(Information given)

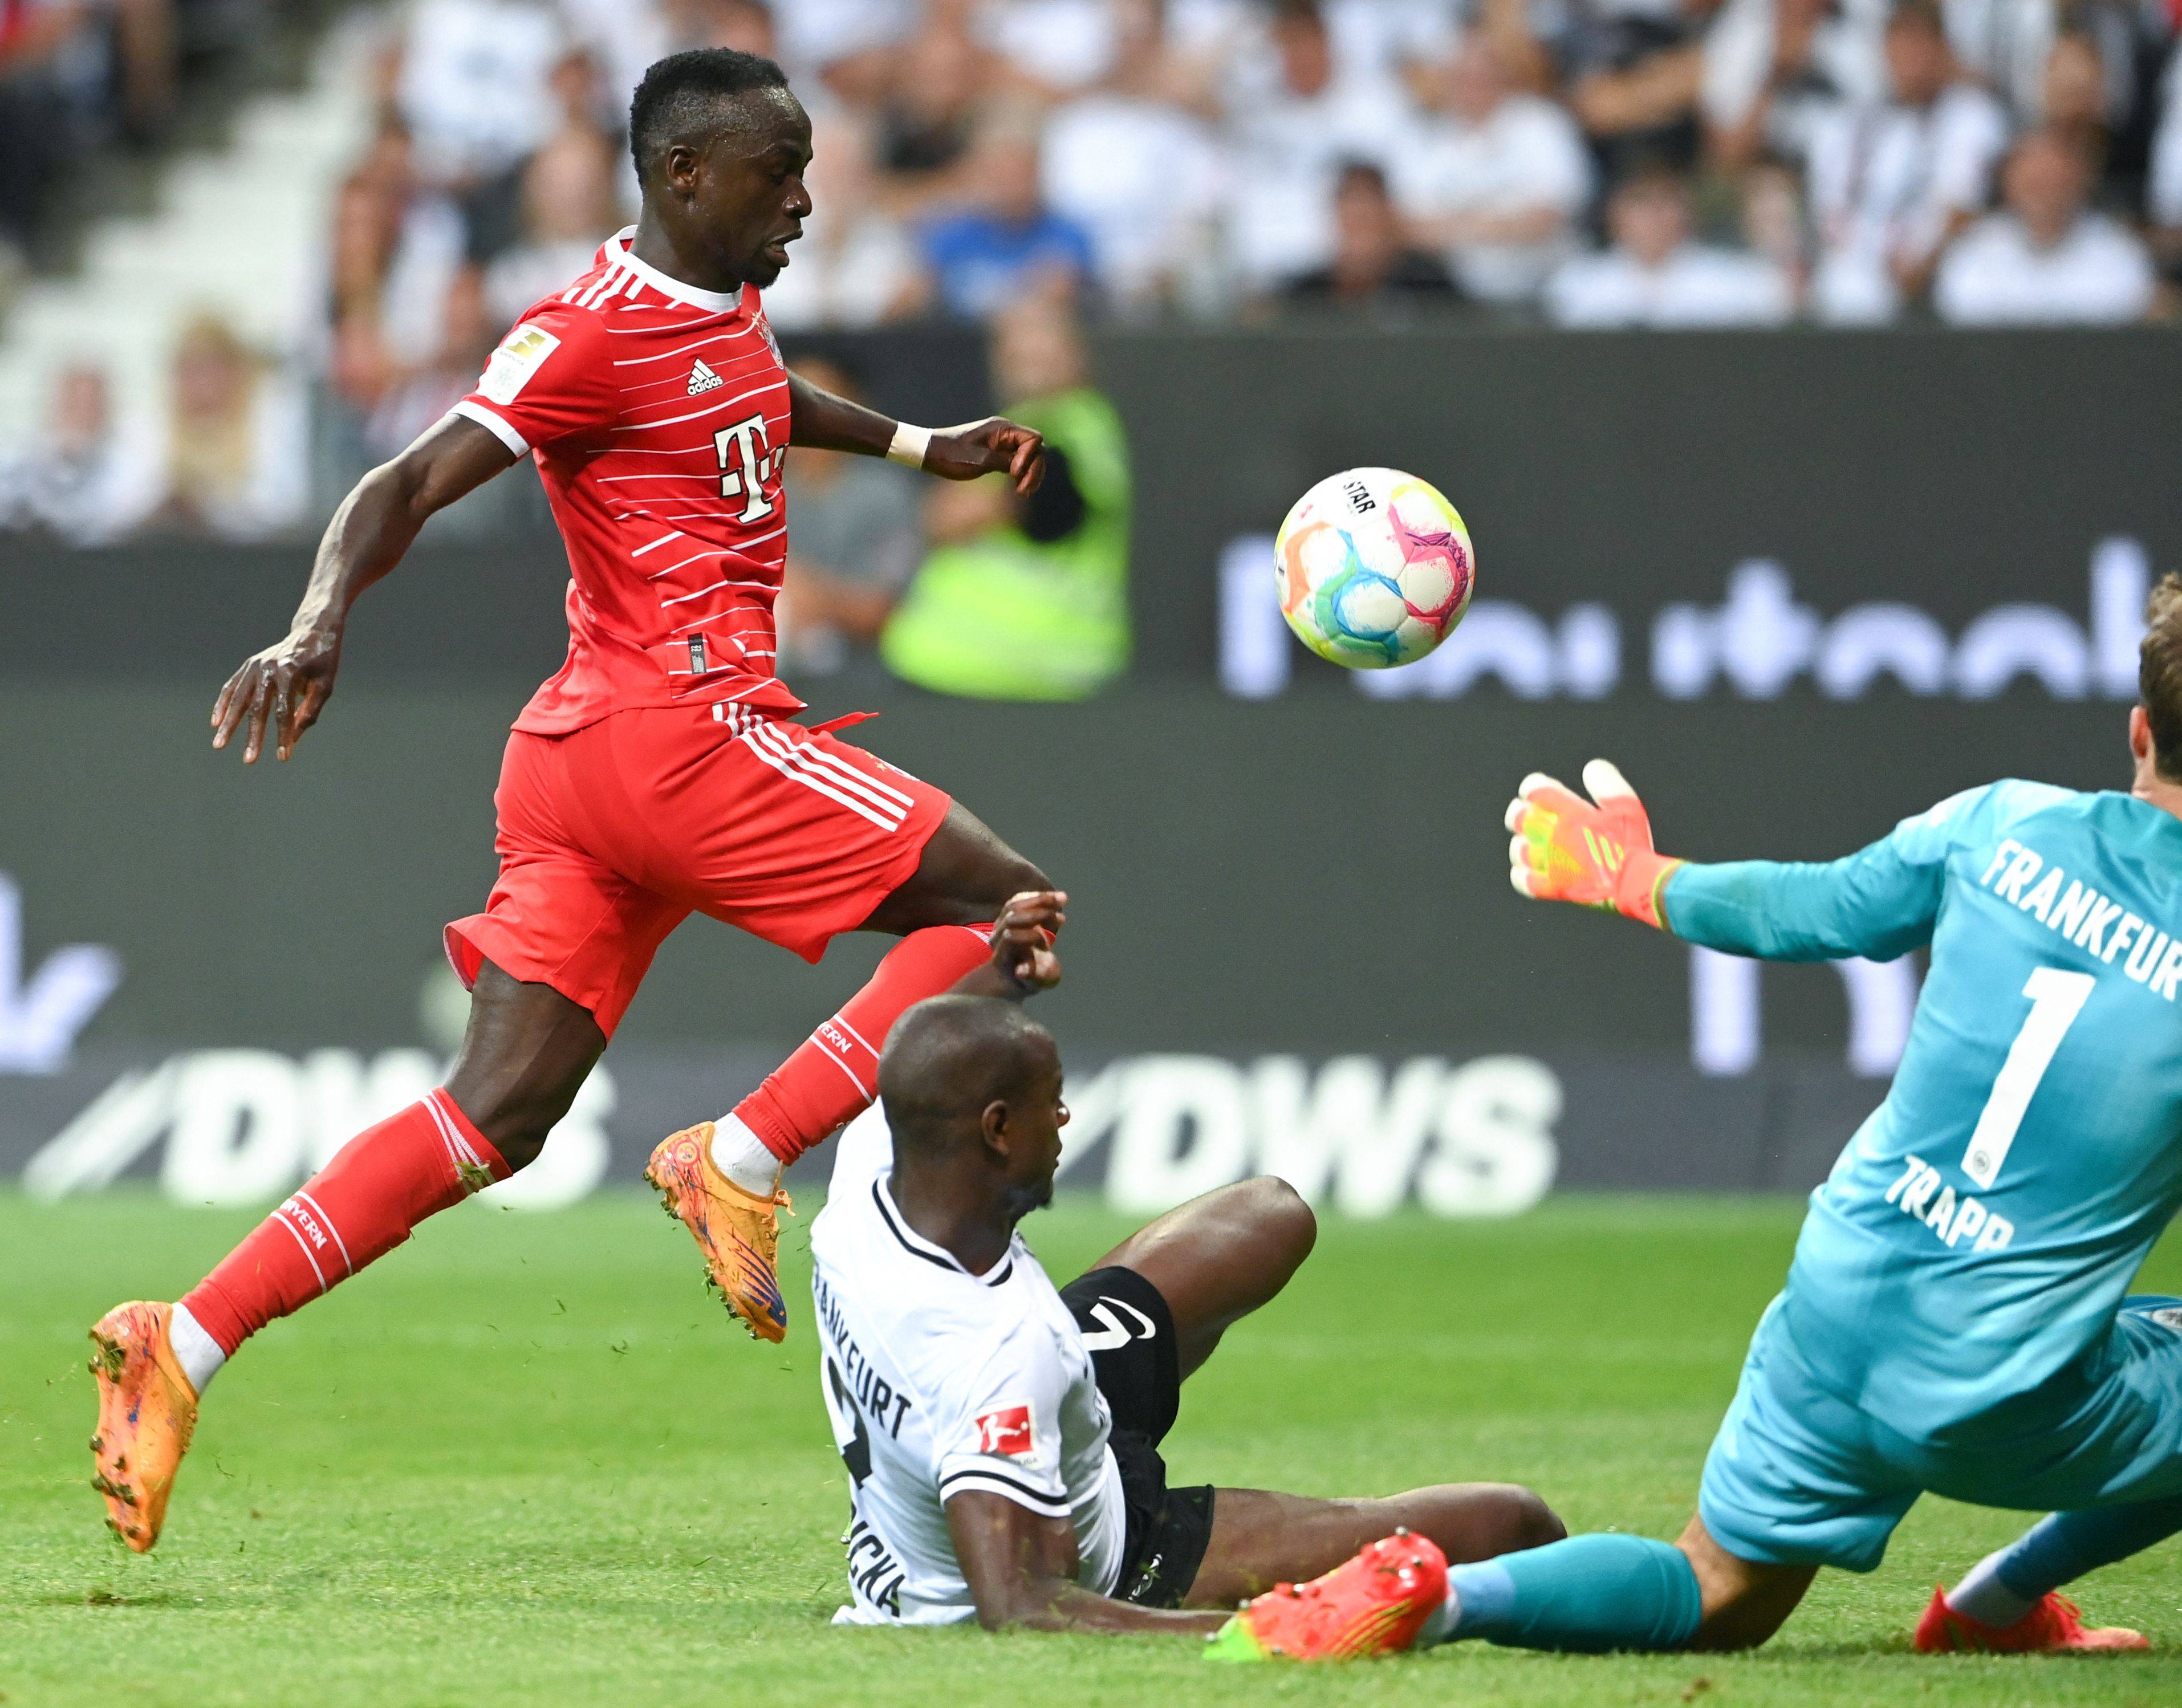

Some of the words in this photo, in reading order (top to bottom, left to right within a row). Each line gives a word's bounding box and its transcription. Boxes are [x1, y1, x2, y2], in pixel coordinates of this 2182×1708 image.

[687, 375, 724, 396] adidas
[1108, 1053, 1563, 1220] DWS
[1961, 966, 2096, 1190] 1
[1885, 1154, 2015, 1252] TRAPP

(End Information given)

Your assignment: From the material above, set down each entry exactly, but exclude the pictures.

Worked solution:
Some of the words in this photo, in reading order (top to bottom, left to right within a row). Each line gives a word's bounding box and its transcription. Boxes are [x1, y1, x2, y2], in pixel coordinates of this 2182×1708 image.

[687, 375, 724, 396] adidas
[1108, 1053, 1563, 1220] DWS
[1961, 966, 2096, 1190] 1
[1885, 1154, 2015, 1252] TRAPP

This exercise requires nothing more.